How France is disposing of its nuclear waste,  4  March By Rob Broomby British Affairs Correspondent, BBC World Service Half a kilometre below ground in the Champagne-Ardenne region of eastern France, near the village of Bure, a network of tunnels and galleries is being hacked out of the 160 million-year-old compacted clay rocks.

Half a kilometre below ground in the Champagne-Ardenne region of eastern France, near the village of Bure, a network of tunnels and galleries is being hacked out of the 160 million-year-old compacted clay rocks.

The dusty subterranean science laboratory built by the French nuclear waste agency Andra is designed to find out whether this could be the final resting place for most of France’s highly radioactive waste, the deadly remains of more than half a century of nuclear energy.

Emerging from the industrial lift there are a series of passageways about the size of an underground rail tunnel.

The walls are reinforced with steel ribs and sprayed with grey concrete and there are huge bore holes drilled 100m into the rock walls which would hold the capsules of radioactive waste. If the scheme gets the final approval, the first waste could be inserted here in around 10 years.

France generates around three quarters of its electricity from nuclear power but despite decades of activity it is no nearer a solution to the perils of nuclear waste.

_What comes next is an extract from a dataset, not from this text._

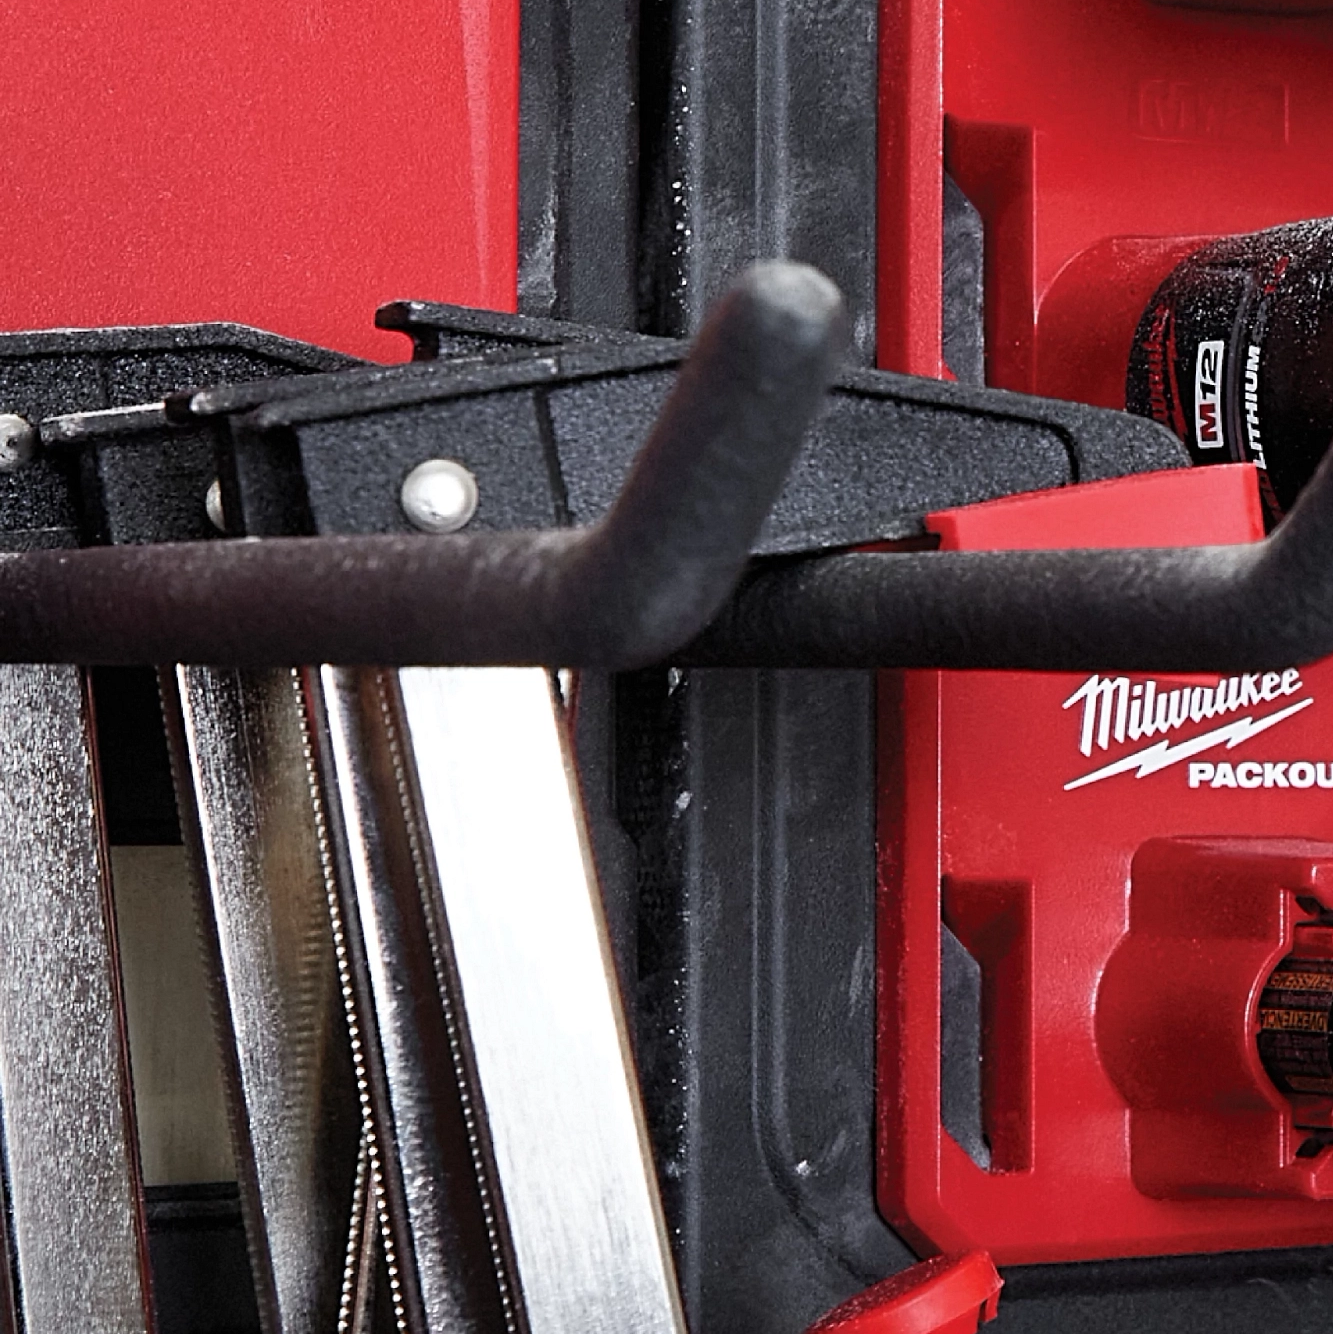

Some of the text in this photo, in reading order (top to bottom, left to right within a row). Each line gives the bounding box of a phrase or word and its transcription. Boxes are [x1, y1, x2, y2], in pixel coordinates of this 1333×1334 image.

[1199, 348, 1217, 441] M12
[1245, 345, 1271, 471] LITHIUM
[1063, 668, 1303, 757] Milwaukee

Many countries agree the hazardous material – some of it at temperatures of 90C – has to be disposed of deep below ground where it can be isolated from all living things for tens of thousands of years whilst the radiation slowly reduces.

Despite advanced schemes in Finland, not a single country worldwide has an operational underground repository.

“What we did first was to demonstrate that safety can be achieved through a repository in this clay formation,” says Gerald Ouzounian, the head of international affairs for Andra, told Costing the Earth on BBC Radio 4.

Technical test

Since 2006, they have been developing experiments to prove they can do it technically. Equipment has been set up to simulate the heat the waste will generate and to monitor the impact on the clay.

“There are still risks of water ingress especially from the shafts and the top,” says Mr Ouzounian, so they are testing ways to seal the waste using a bentonite clay plug.

French law requires companies to build a retrievable scheme, meaning that for the first few hundred years at least, they can remove the waste again should future generations find a better way to get rid of it.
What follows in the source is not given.